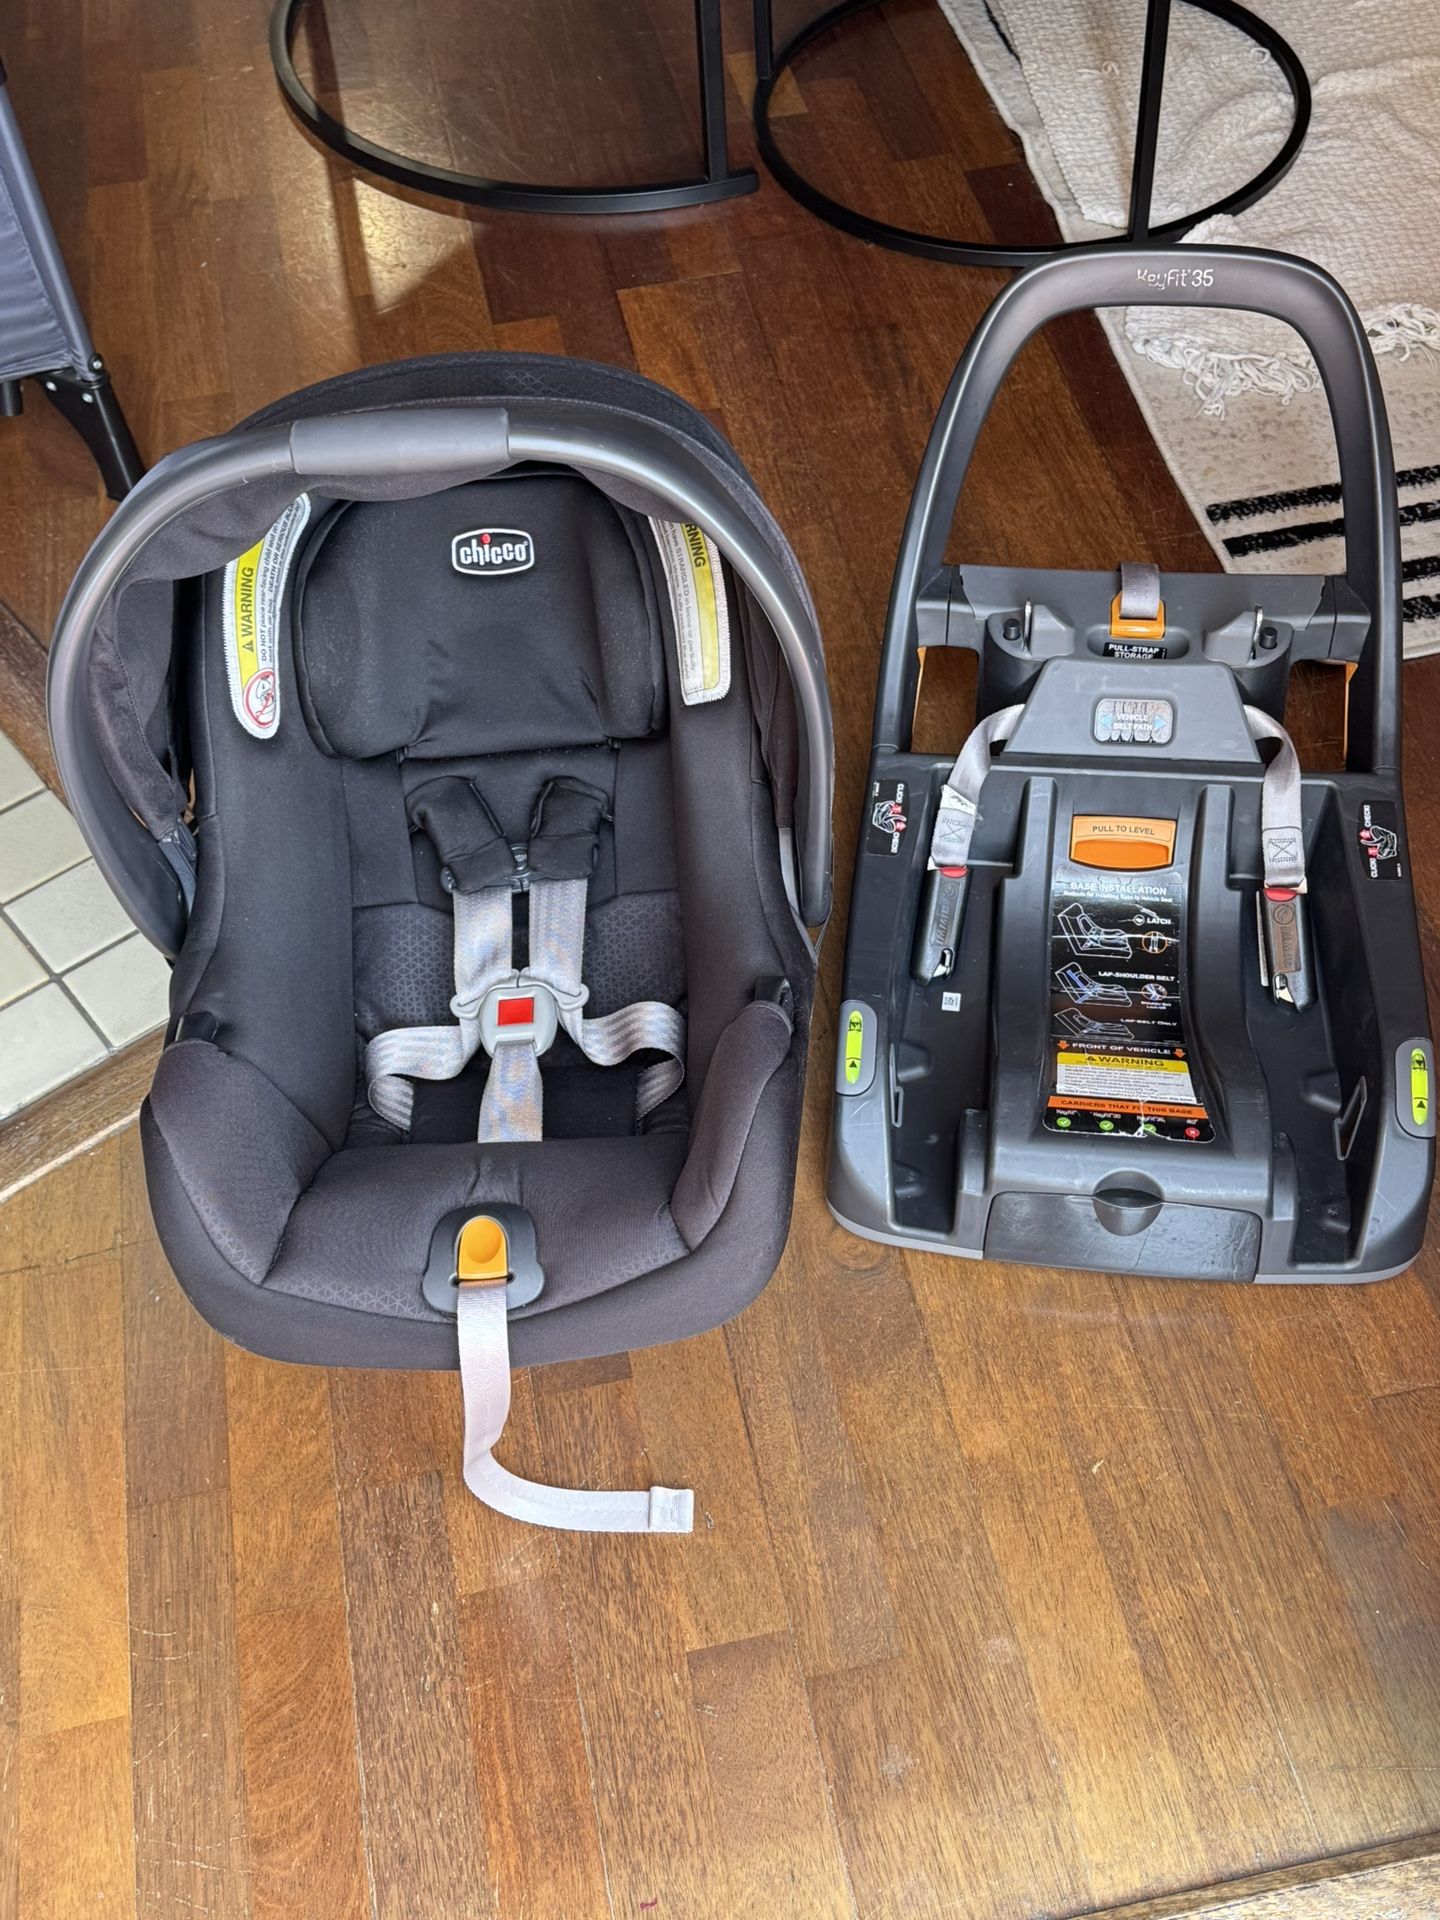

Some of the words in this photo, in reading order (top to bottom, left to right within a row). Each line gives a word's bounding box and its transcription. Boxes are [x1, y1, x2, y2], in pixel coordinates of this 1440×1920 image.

[1191, 268, 1214, 287] 35
[266, 533, 276, 549] seat
[274, 520, 289, 553] SERIOUS
[459, 533, 503, 566] chicco
[685, 523, 706, 568] RNING
[262, 549, 272, 566] child
[271, 552, 280, 565] OR
[267, 565, 277, 593] DEATH
[675, 547, 690, 596] STRANGLED
[259, 566, 271, 606] rear-facing
[241, 566, 254, 638] WARNING
[259, 606, 267, 628] place
[260, 649, 267, 662] DO
[1108, 643, 1160, 654] PULL-STRAP
[1117, 713, 1148, 721] VEHICLE
[1113, 723, 1132, 731] BELT
[1133, 723, 1153, 732] PATH
[1092, 825, 1114, 833] PULL
[1116, 825, 1127, 833] TO
[1129, 826, 1156, 836] LEVEL
[1070, 881, 1099, 891] BASE
[1099, 883, 1168, 895] INSTALLATION
[1146, 917, 1172, 925] LATCH
[1098, 971, 1155, 980] LAP-SHOULDER
[1072, 1042, 1108, 1051] FRONT
[1126, 1045, 1171, 1055] VEHICLE
[1098, 1055, 1165, 1067] WARNING
[1061, 1099, 1106, 1109] CARRIERS
[1107, 1102, 1130, 1111] THAT
[1147, 1105, 1167, 1113] THIS
[1168, 1107, 1193, 1115] BASE
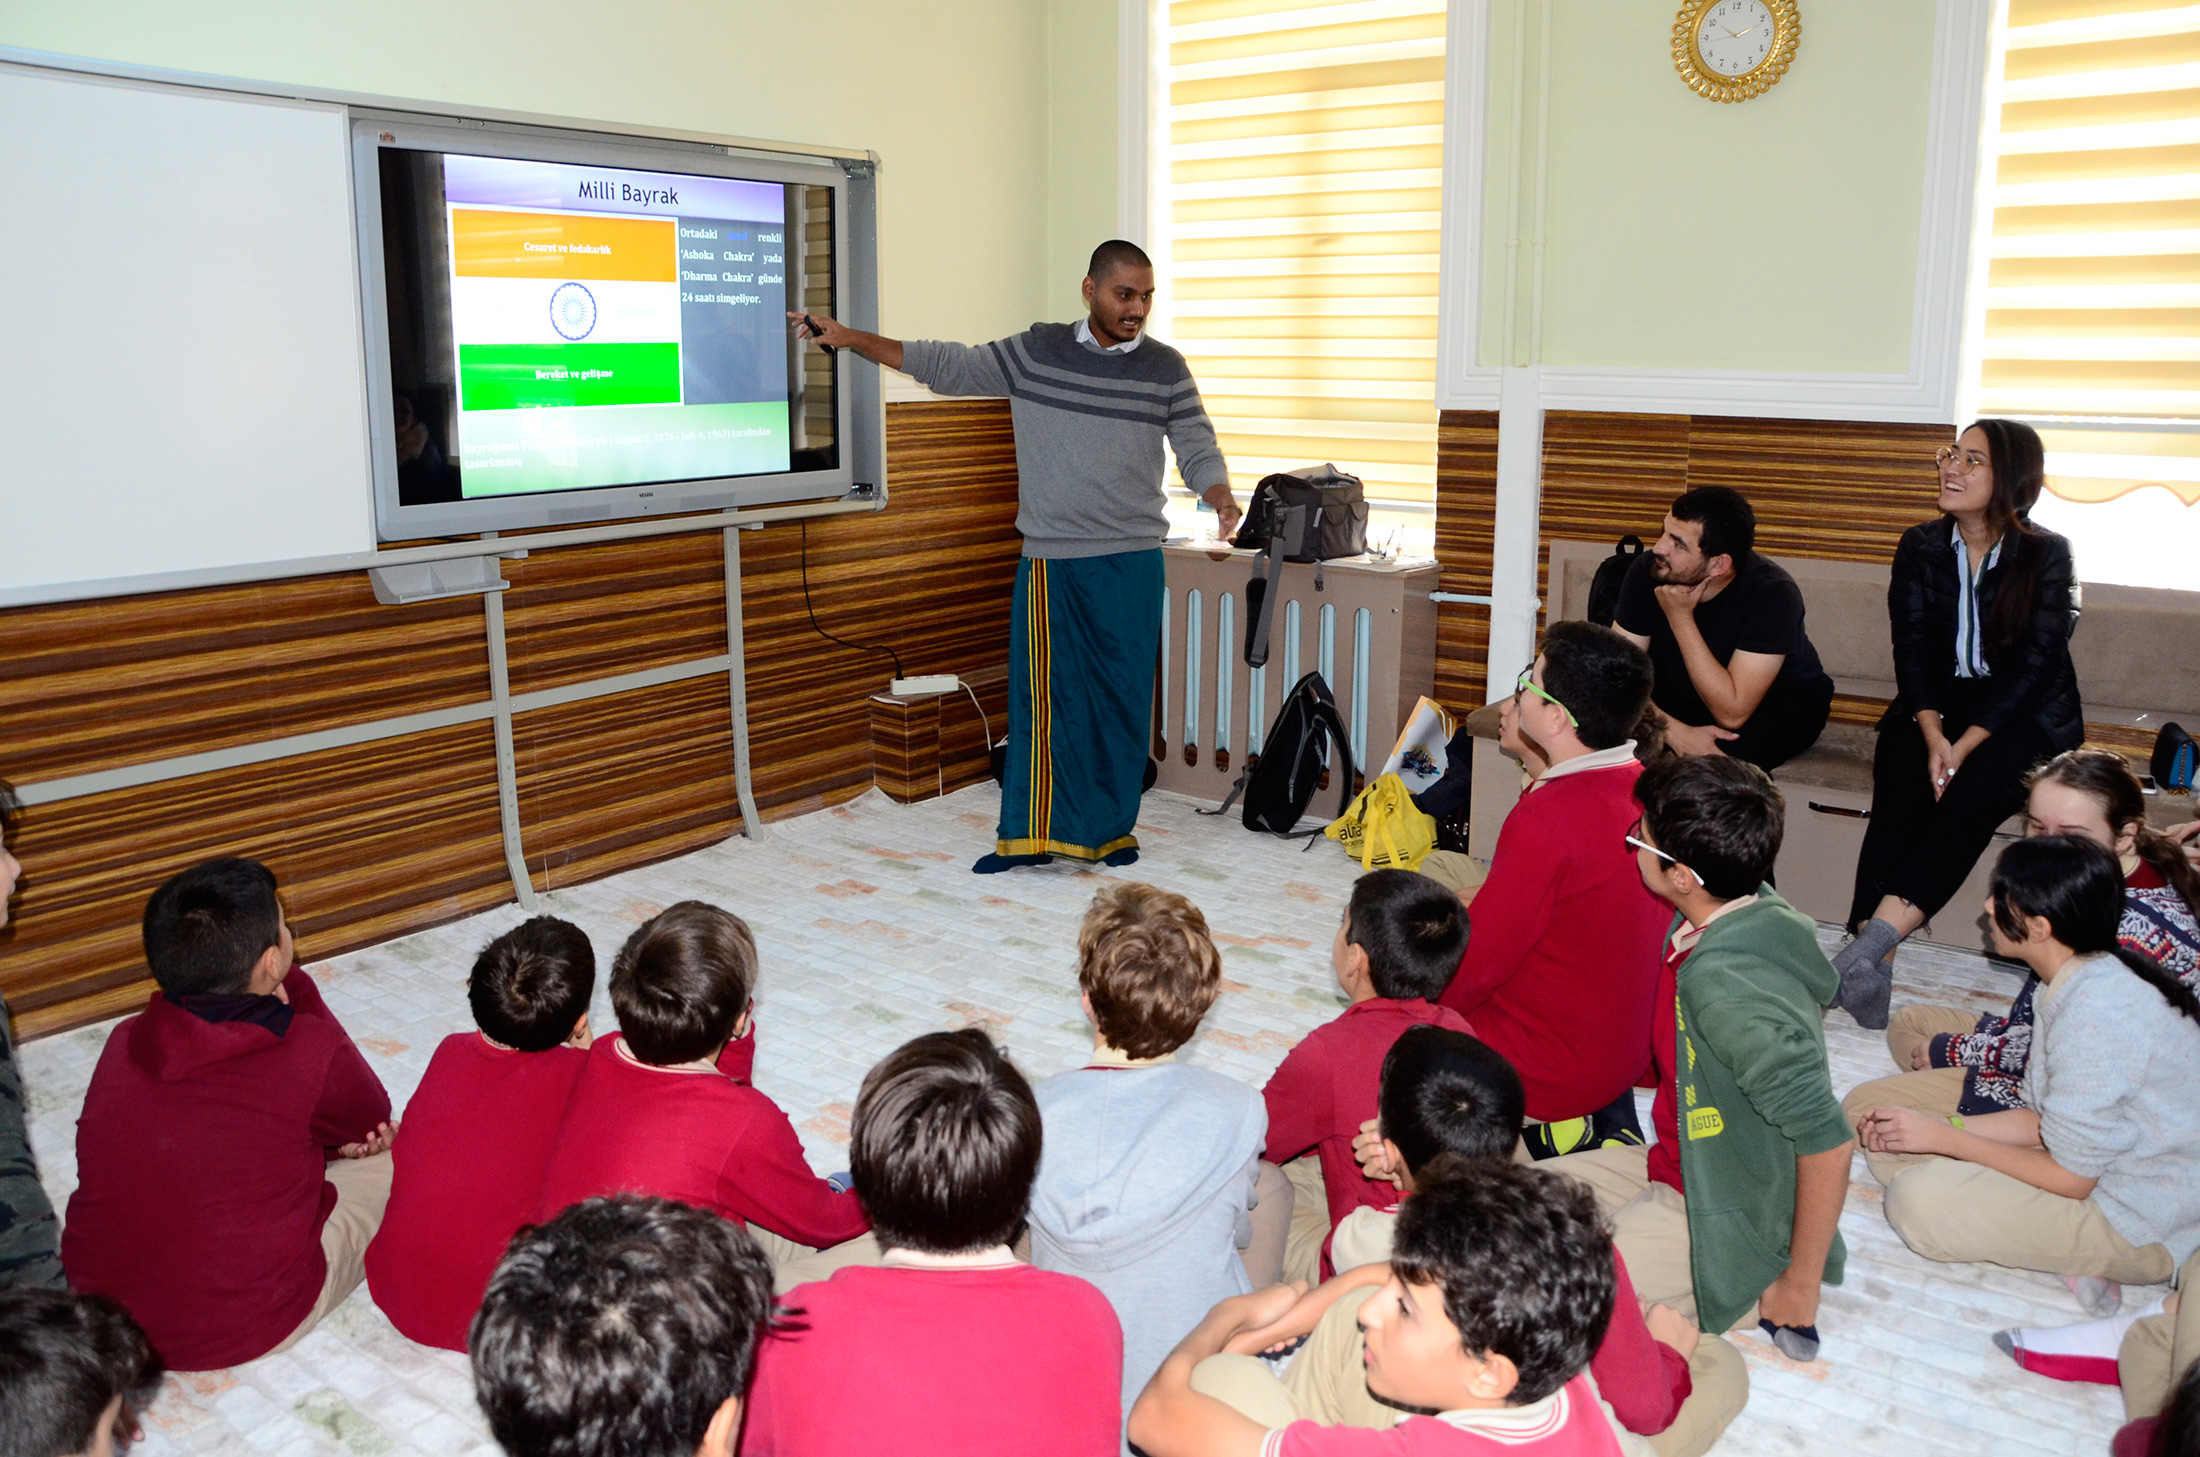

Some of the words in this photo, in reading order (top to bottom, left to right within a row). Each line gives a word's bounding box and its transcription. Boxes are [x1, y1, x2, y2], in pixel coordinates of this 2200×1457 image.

[1719, 8, 1725, 16] 11
[1733, 2, 1742, 10] 12
[1709, 19, 1717, 27] 10
[579, 180, 615, 200] Milli
[622, 184, 679, 207] Bayrak
[680, 227, 718, 240] Ortadaki
[758, 233, 782, 243] renkli
[523, 241, 557, 253] Cesaret
[558, 244, 568, 253] ve
[763, 254, 783, 265] yada
[758, 273, 783, 286] günde
[682, 292, 693, 302] 24
[716, 293, 762, 306] simgeliyor.
[535, 369, 569, 380] Bereket
[581, 369, 613, 380] gelişme
[654, 431, 675, 442] 1876
[707, 428, 730, 441] 1963)
= = = = = = =
What is needed: Output nothing but the records, word for word, and none of their pictures.

Task output:
Some of the words in this photo, in reading order (top to bottom, left to right within a row). Each line gives a word's bounding box and its transcription. Boxes are [x1, y1, x2, y2], in pixel coordinates of this 1440×1920 image.

[1191, 268, 1214, 287] 35
[266, 533, 276, 549] seat
[274, 520, 289, 553] SERIOUS
[459, 533, 503, 566] chicco
[685, 523, 706, 568] RNING
[262, 549, 272, 566] child
[271, 552, 280, 565] OR
[267, 565, 277, 593] DEATH
[675, 547, 690, 596] STRANGLED
[259, 566, 271, 606] rear-facing
[241, 566, 254, 638] WARNING
[259, 606, 267, 628] place
[260, 649, 267, 662] DO
[1108, 643, 1160, 654] PULL-STRAP
[1117, 713, 1148, 721] VEHICLE
[1113, 723, 1132, 731] BELT
[1133, 723, 1153, 732] PATH
[1092, 825, 1114, 833] PULL
[1116, 825, 1127, 833] TO
[1129, 826, 1156, 836] LEVEL
[1070, 881, 1099, 891] BASE
[1099, 883, 1168, 895] INSTALLATION
[1146, 917, 1172, 925] LATCH
[1098, 971, 1155, 980] LAP-SHOULDER
[1072, 1042, 1108, 1051] FRONT
[1126, 1045, 1171, 1055] VEHICLE
[1098, 1055, 1165, 1067] WARNING
[1061, 1099, 1106, 1109] CARRIERS
[1107, 1102, 1130, 1111] THAT
[1147, 1105, 1167, 1113] THIS
[1168, 1107, 1193, 1115] BASE

Some of the words in this photo, in reading order (top to bottom, left to right within a row). Each line gives a word's bounding box and its transcription. Boxes are [x1, y1, x2, y2], in pixel coordinates of this 2200×1457 image.

[1719, 8, 1725, 16] 11
[1733, 2, 1742, 10] 12
[1709, 19, 1717, 27] 10
[579, 180, 615, 200] Milli
[622, 184, 679, 207] Bayrak
[680, 227, 718, 240] Ortadaki
[758, 233, 782, 243] renkli
[523, 241, 557, 253] Cesaret
[558, 244, 568, 253] ve
[763, 254, 783, 265] yada
[758, 273, 783, 286] günde
[682, 292, 693, 302] 24
[716, 293, 762, 306] simgeliyor.
[535, 369, 569, 380] Bereket
[581, 369, 613, 380] gelişme
[654, 431, 675, 442] 1876
[707, 428, 730, 441] 1963)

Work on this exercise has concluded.